A juíza então encerrou a fase de exposições lembrando que a proibição é que tornou as drogas ilícitas e criminalizou a conduta de seus produtores e consumidores. “A simples declaração de guerra contra as drogas já mostra o descompromisso dessa política com os direitos fundamentais dos indivíduos. A proibição acrescenta danos muito mais graves que as drogas em si mesmas”, afirmou.

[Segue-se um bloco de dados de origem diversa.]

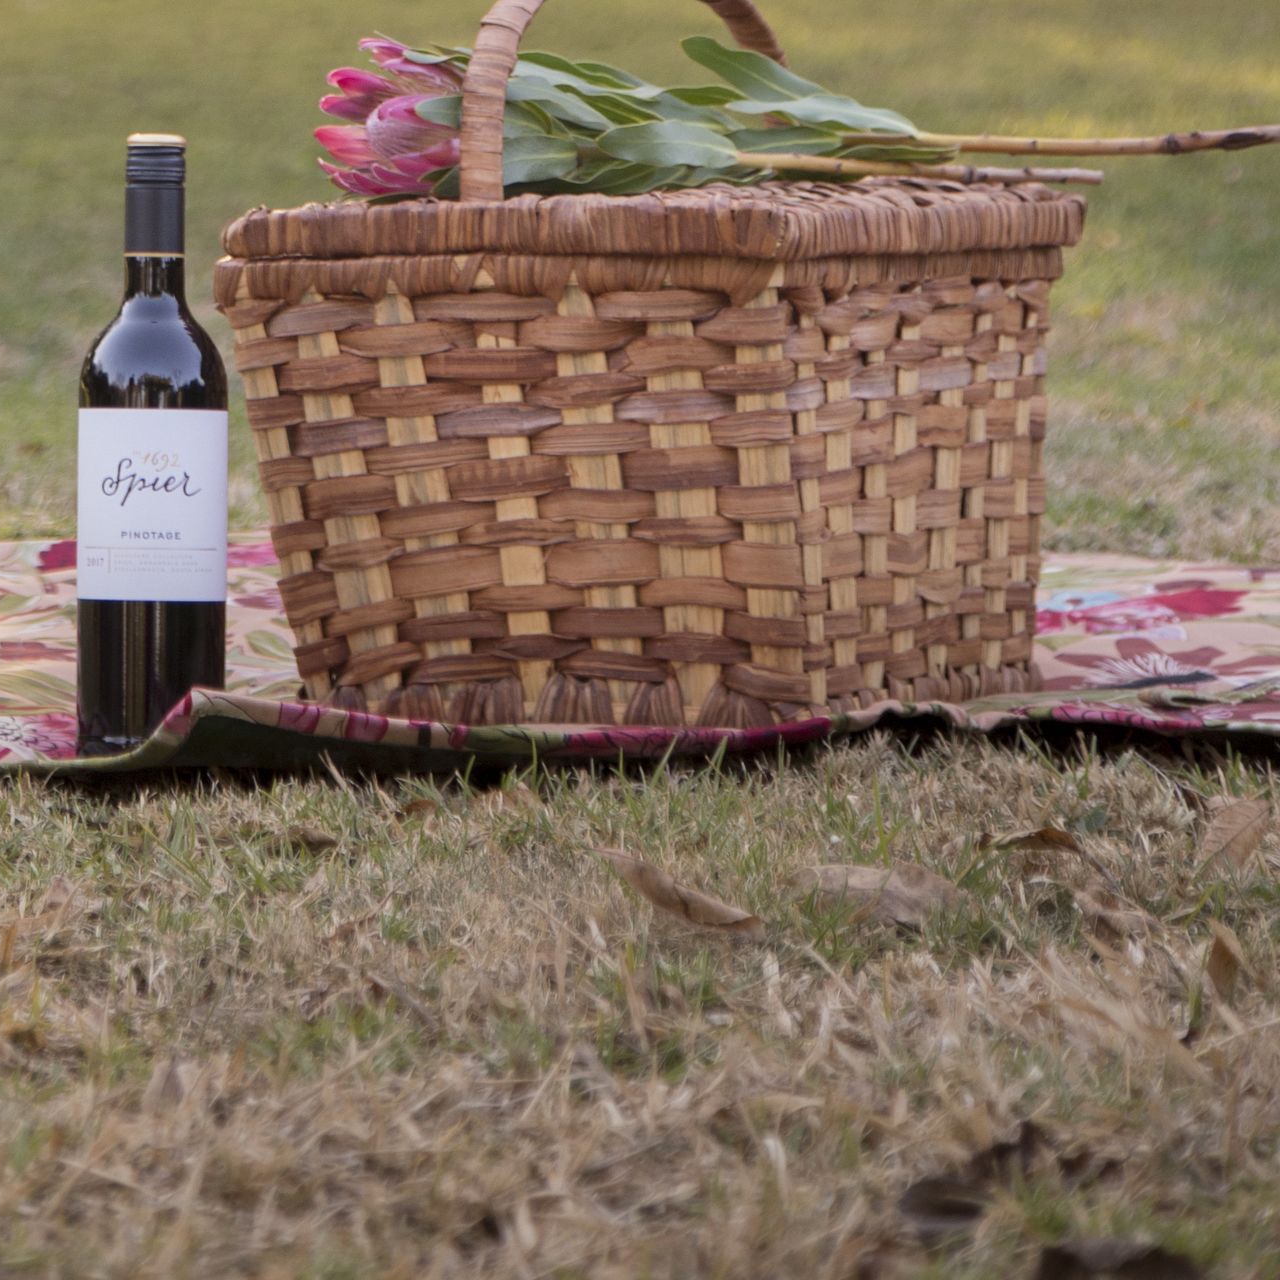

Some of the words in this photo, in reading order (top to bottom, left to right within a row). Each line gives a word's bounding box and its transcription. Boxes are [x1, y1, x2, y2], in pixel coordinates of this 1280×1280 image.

Ela classificou de “irracional” a decisão de enfrentar o problema de saúde com sistema penal, pois assim o Estado agrava esse próprio problema de saúde. Em sua opinião, a guerra às drogas mata muito mais do que as drogas. “E não é um combate contra as coisas, mas contra as pessoas. Os inimigos nesta guerra são os pobres, marginalizados, não brancos, desprovidos de poder.  A proibição do consumo das drogas foi instituída e se mantém sobre o pretexto de proteção a saúde, mas esse pretexto revela um dos maiores paradoxos insanos da política: ela causa maiores riscos e danos à mesma saúde que enganosamente anuncia que quer prever e proteger. As drogas são consideradas proibidas sem levar em consideração a quantidade a ser consumida, falam apenas de riscos, danos, dependência”, encerrou a advogada.